Pot Gyro

Posted by Jason294 at 2/13/2001 11:36 AM EST

Other on team #294, Beach Cities Robotics, from Mira Costa and Redondo Union and TRW.

Just wondering if anyone had fooled around with this idea. I attached about a 4 inch long piece of aluminum bar with a small weight on the end to a pot and used the feed back as a good gyro that dosent tax the robot controller like the quartz gyro with the kit. Anyone working on differant algorithims to auto-balance the ramp… I know im close, just wondering if you guys had thought of this. I’m sure it will be helpfull to someone. If u want to contact me e-mail [email protected]

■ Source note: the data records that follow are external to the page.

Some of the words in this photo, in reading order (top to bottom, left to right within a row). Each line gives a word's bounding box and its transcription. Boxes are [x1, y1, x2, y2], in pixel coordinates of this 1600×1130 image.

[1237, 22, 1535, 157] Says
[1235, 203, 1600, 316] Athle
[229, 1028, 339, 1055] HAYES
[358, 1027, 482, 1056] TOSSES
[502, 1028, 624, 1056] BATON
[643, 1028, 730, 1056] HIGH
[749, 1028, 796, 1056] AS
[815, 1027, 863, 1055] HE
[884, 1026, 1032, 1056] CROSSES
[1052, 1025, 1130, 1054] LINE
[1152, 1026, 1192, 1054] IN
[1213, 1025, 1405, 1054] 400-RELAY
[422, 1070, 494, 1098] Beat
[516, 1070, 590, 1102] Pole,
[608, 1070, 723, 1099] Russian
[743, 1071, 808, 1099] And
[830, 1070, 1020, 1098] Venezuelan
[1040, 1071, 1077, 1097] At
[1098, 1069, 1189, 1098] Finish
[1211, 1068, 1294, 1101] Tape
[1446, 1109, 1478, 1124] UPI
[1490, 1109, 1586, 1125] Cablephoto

Posted by Thomas A. Frank at 2/13/2001 3:24 PM EST

Engineer on team #121, The Islanders/Rhode Warrior, from Middletown (RI) High School and Naval Undersea Warfare Center.

In Reply to: Pot Gyro
Posted by Jason294 on 2/13/2001 11:36 AM EST:

: Just wondering if anyone had fooled around with this idea. I attached about a 4 inch long piece of aluminum bar with a small weight on the end to a pot and used the feed back as a good gyro

Actually, it’s called a pendulum, not a gyro. That is in fact important, because you will need to look at the speed of response of your sensor (see below).

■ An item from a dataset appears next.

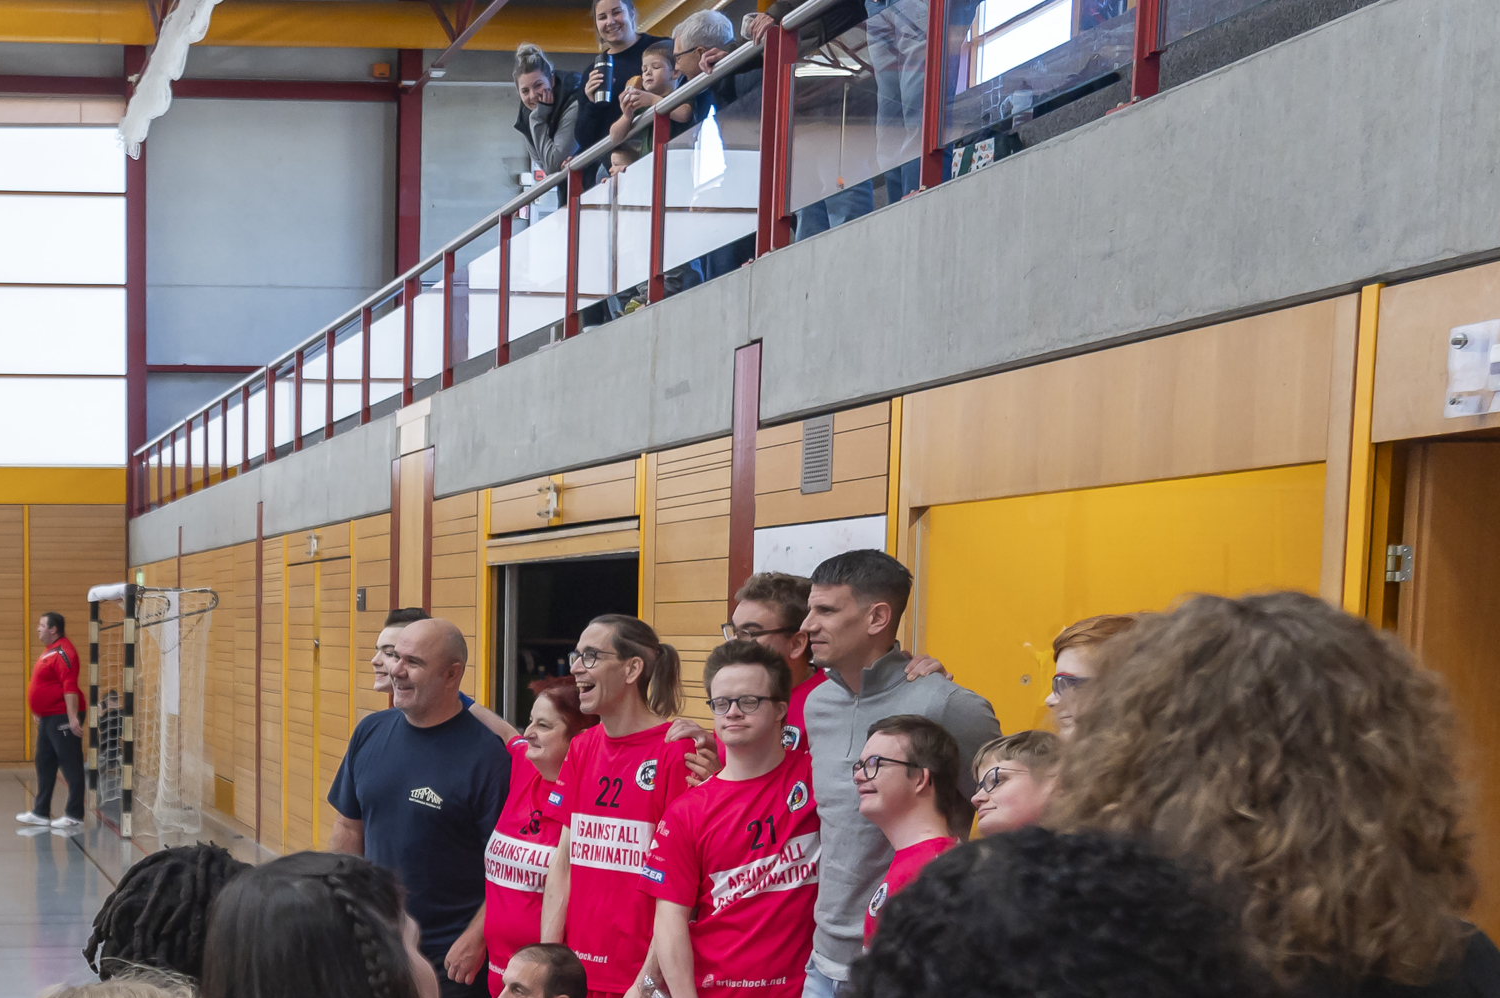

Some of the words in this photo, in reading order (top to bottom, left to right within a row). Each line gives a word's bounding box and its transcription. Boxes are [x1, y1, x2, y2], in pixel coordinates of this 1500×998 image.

I am looking at it, but I’m not sure it is worth the trouble/risk, as the drivers are doing fine without any artificial aids, and the risks associated with complex software are perhaps not worth the benefit.

Please prove me wrong :slight_smile:

Please remember that there is a time constant associated with a pendulum:

time/swing T = pi * sqrt of (length/g), units having to be consistant (ie: meters and 9.8 m/sec^2). A 1 meter pendulum rod is the classic one second beat clock. So if you make the rod 0.1 meters long, you have a 0.317 second pendulum, which results in some interesting results if you look at the possibility of oscillation.

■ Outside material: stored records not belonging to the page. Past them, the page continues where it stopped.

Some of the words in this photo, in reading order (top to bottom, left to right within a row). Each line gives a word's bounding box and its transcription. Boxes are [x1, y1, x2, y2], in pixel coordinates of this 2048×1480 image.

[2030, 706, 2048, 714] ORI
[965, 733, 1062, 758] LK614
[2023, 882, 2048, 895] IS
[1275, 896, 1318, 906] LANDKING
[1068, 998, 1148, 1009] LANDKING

Also keep in mind that the above equation assumes a massless rod - the Cg of the system is in the bob. If not, then the whole thing appears “shorter”, with a resulting higher frequency.

Hope that was helpful.

Tom Frank

Posted by Tim Gates at 2/14/2001 9:04 AM EST

Engineer on team #288, RoboDawgs, from Grandville High School and X-Rite/Delphi.

In Reply to: Pot Gyro
Posted by Jason294 on 2/13/2001 11:36 AM EST:

Jason294;

We designed and built an inclinometer as a backup for the gyro-chip as a result of damaging the first one banging up and over the ramp. Our current gyro-chip will be shock mounted to prevent a repeat. The short shaft 100K pot recieved in your freebies requires
6 oz./in. to overcome friction between the wiper arm and resistive compound in the pot. I don’t know if that is static or dynamic coefficient of friction. A ten to one gear ratio will match the 280 degree sweep of the pot with the +/- 14 degrees of the ramp, but will bottom out so to speak. We used an eight to one (120/15 tooth) gear ratio which results in three in./lbs. to overcome the base friction. In retrospect, the high gear ratio gave us better resolution but resulted in needing more than three in./lbs. to get acceptable response. We only need to sense when the ramp starts rotation and are not concerned with oscillation when the mass on the end of the pendelum relaxes to a balance. Because the RoboDawg travels through the barrier, height is a consideration and the shorter the robot the more precious real estate becomes in the chassis. Don’t hesitate to try it, every learning experience is of great value.